** Problem requirements **
Return each record verbatim, images excluded.

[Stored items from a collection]
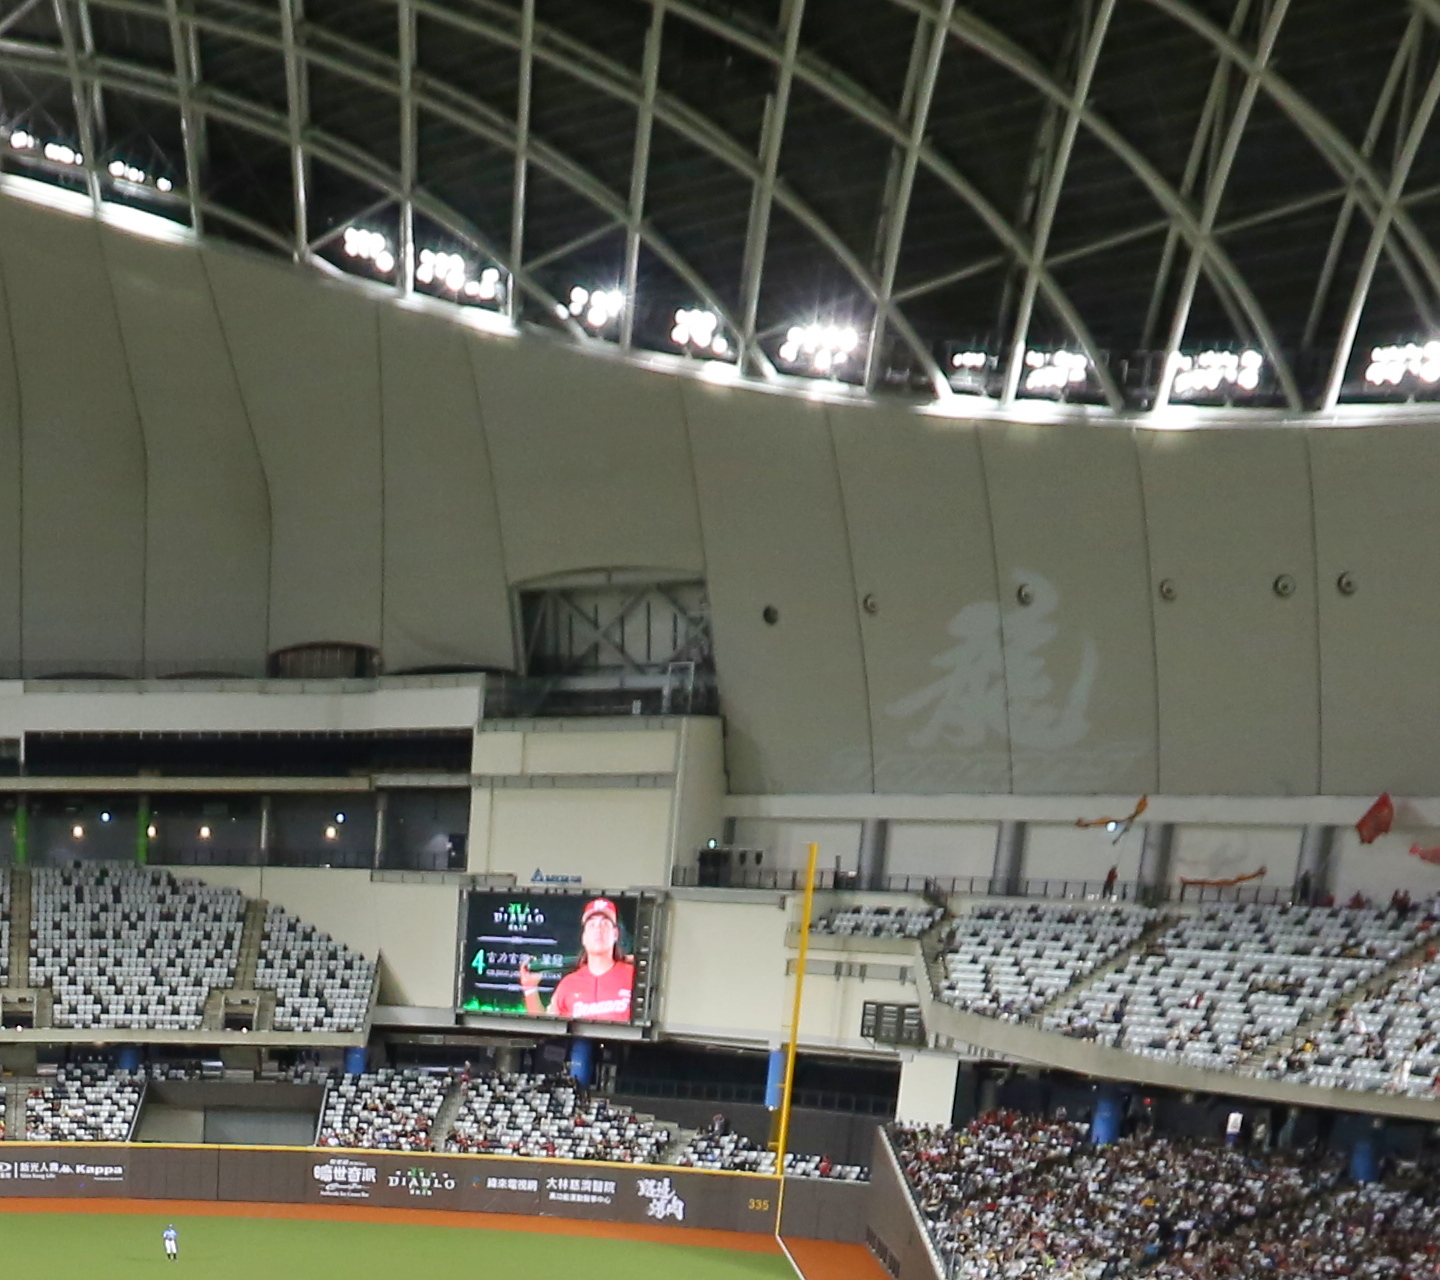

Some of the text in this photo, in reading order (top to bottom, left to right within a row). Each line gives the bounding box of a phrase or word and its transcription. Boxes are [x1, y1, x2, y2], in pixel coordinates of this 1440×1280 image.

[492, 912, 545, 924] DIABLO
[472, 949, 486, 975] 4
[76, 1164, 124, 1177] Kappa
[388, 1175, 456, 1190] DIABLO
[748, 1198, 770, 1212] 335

** Answer box **
Some of the text in this photo, in reading order (top to bottom, left to right within a row). Each line gives the bounding box of a phrase or word and its transcription. Boxes are [x1, y1, x2, y2], in pixel coordinates of this 1440×1280 image.

[492, 912, 545, 924] DIABLO
[472, 949, 486, 975] 4
[76, 1164, 124, 1177] Kappa
[388, 1175, 456, 1190] DIABLO
[748, 1198, 770, 1212] 335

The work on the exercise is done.